▶ **Required work**: Return the full set of entries precisely. Do not carry over any pictures.

§ §

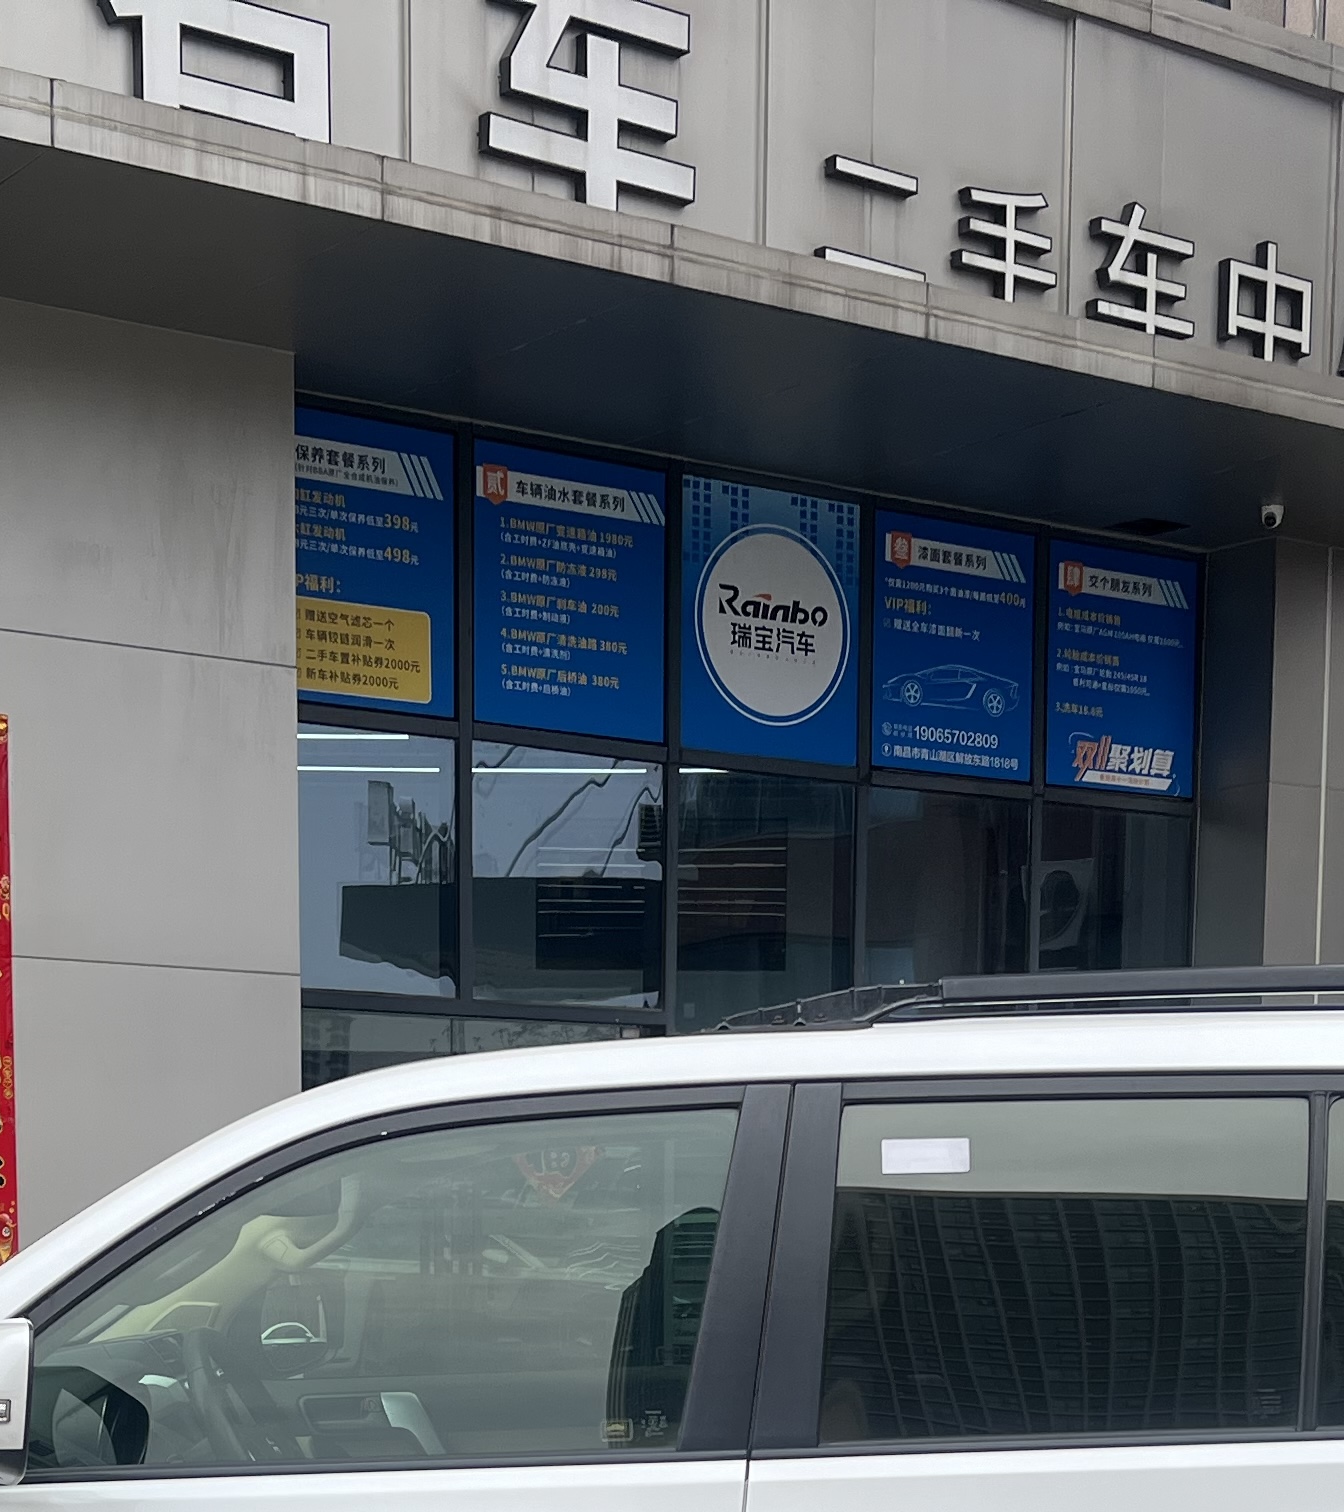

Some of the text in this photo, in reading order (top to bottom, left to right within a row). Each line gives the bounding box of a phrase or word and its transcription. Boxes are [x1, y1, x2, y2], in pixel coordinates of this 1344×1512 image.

[295, 443, 386, 475] 保养套餐系列
[516, 479, 625, 512] 车辆油水套餐系列
[718, 583, 828, 627] Rainbo
[730, 622, 815, 656] 瑞宝汽车
[914, 725, 999, 749] 19065702809
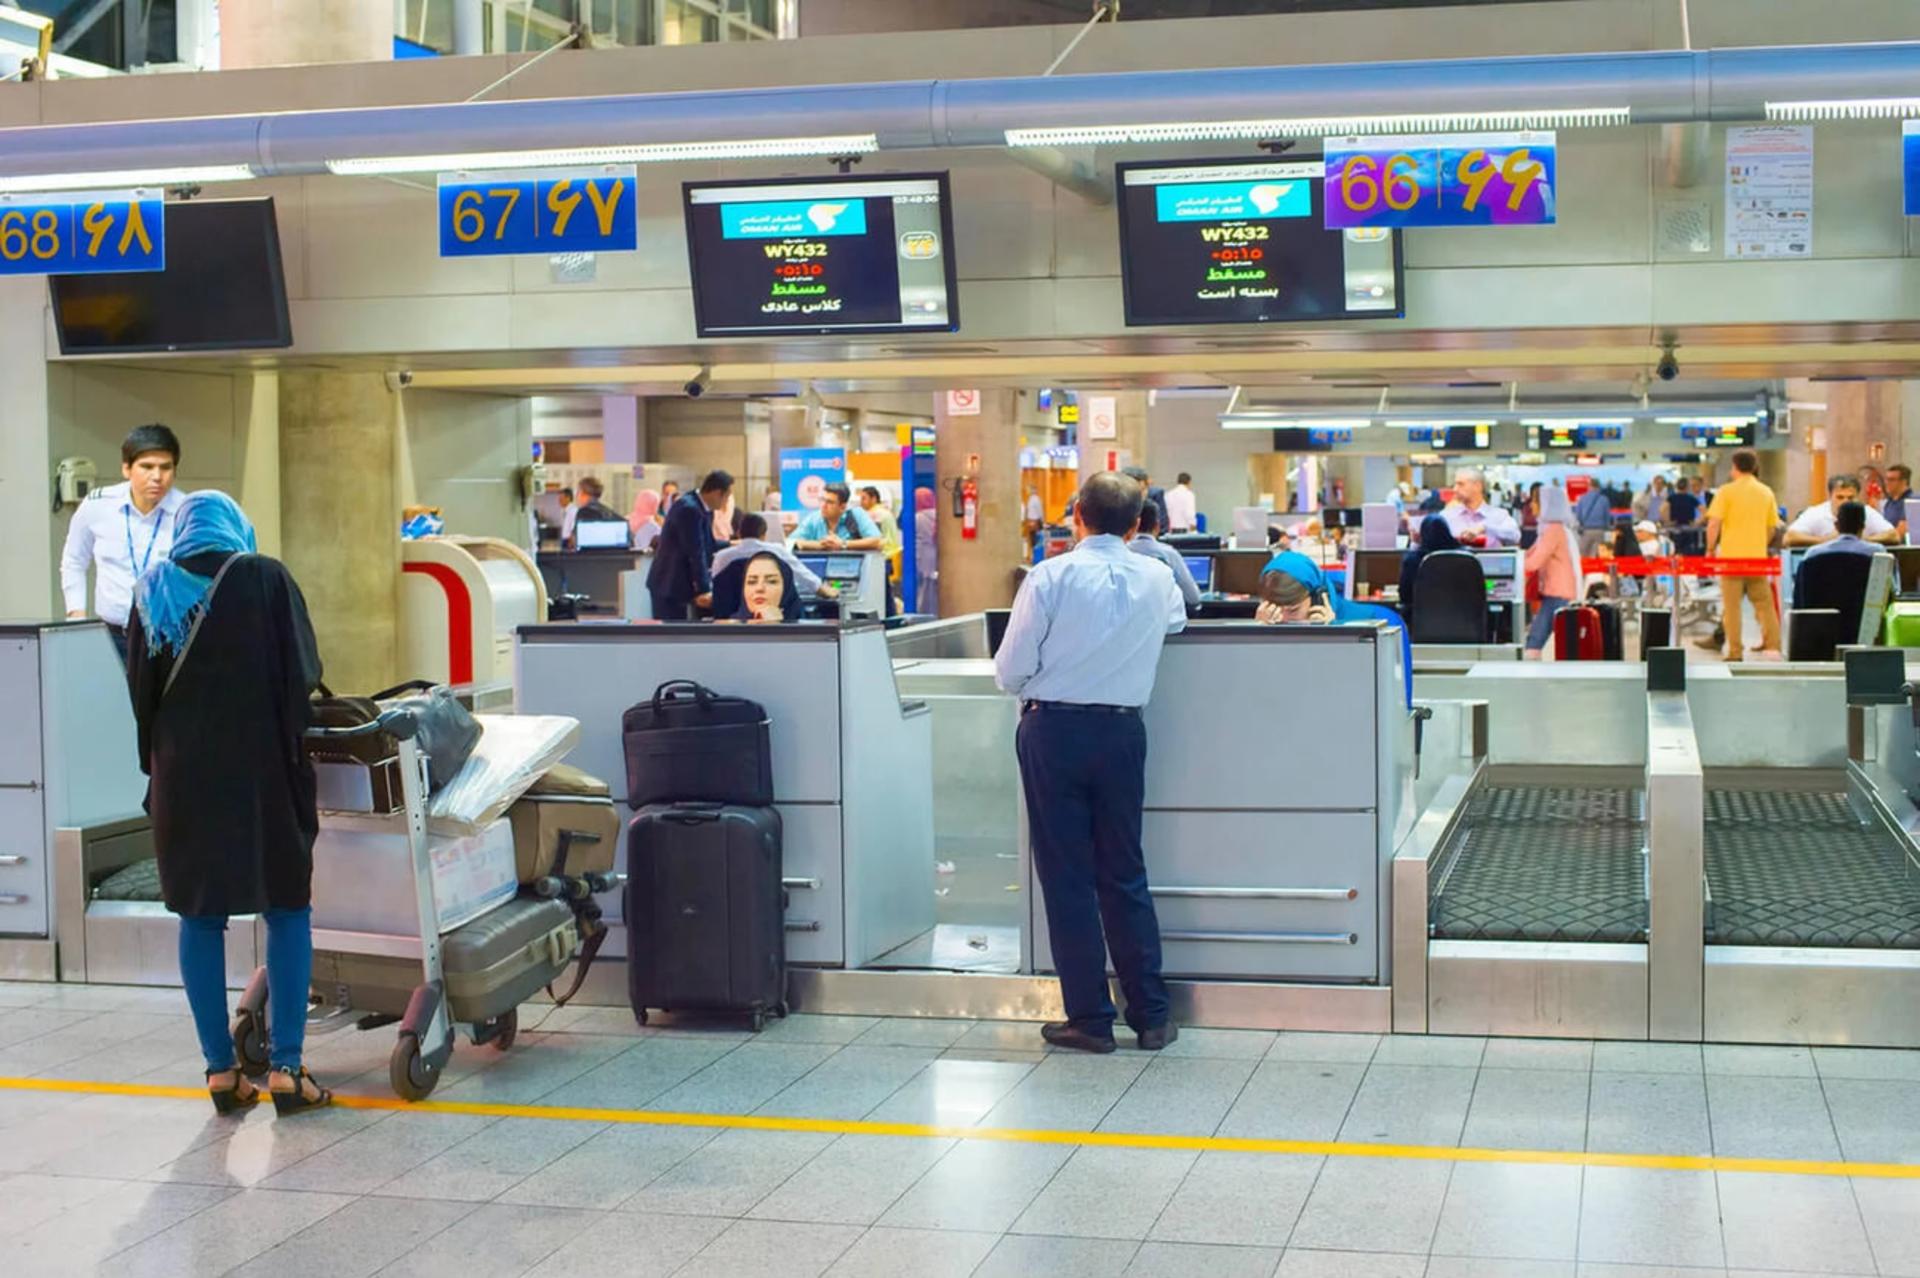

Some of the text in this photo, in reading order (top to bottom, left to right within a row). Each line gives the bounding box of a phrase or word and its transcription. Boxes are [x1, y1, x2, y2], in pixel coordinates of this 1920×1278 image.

[1342, 156, 1420, 211] 66
[1457, 149, 1543, 211] ۶۶
[0, 204, 59, 259] 68
[84, 201, 152, 257] ۶۸
[453, 191, 519, 241] 67
[548, 180, 623, 236] ۶۷
[1201, 226, 1270, 242] WY432
[763, 242, 829, 258] WY432
[1206, 267, 1267, 281] مسقط
[770, 281, 828, 296] مسقط

§ §

▶ **Completed exercise**:
Some of the text in this photo, in reading order (top to bottom, left to right within a row). Each line gives the bounding box of a phrase or word and its transcription. Boxes are [x1, y1, x2, y2], in pixel coordinates of this 1344×1512 image.

[295, 443, 386, 475] 保养套餐系列
[516, 479, 625, 512] 车辆油水套餐系列
[718, 583, 828, 627] Rainbo
[730, 622, 815, 656] 瑞宝汽车
[914, 725, 999, 749] 19065702809

Some of the text in this photo, in reading order (top to bottom, left to right within a row). Each line gives the bounding box of a phrase or word and its transcription. Boxes are [x1, y1, x2, y2], in pixel coordinates of this 1920×1278 image.

[1342, 156, 1420, 211] 66
[1457, 149, 1543, 211] ۶۶
[0, 204, 59, 259] 68
[84, 201, 152, 257] ۶۸
[453, 191, 519, 241] 67
[548, 180, 623, 236] ۶۷
[1201, 226, 1270, 242] WY432
[763, 242, 829, 258] WY432
[1206, 267, 1267, 281] مسقط
[770, 281, 828, 296] مسقط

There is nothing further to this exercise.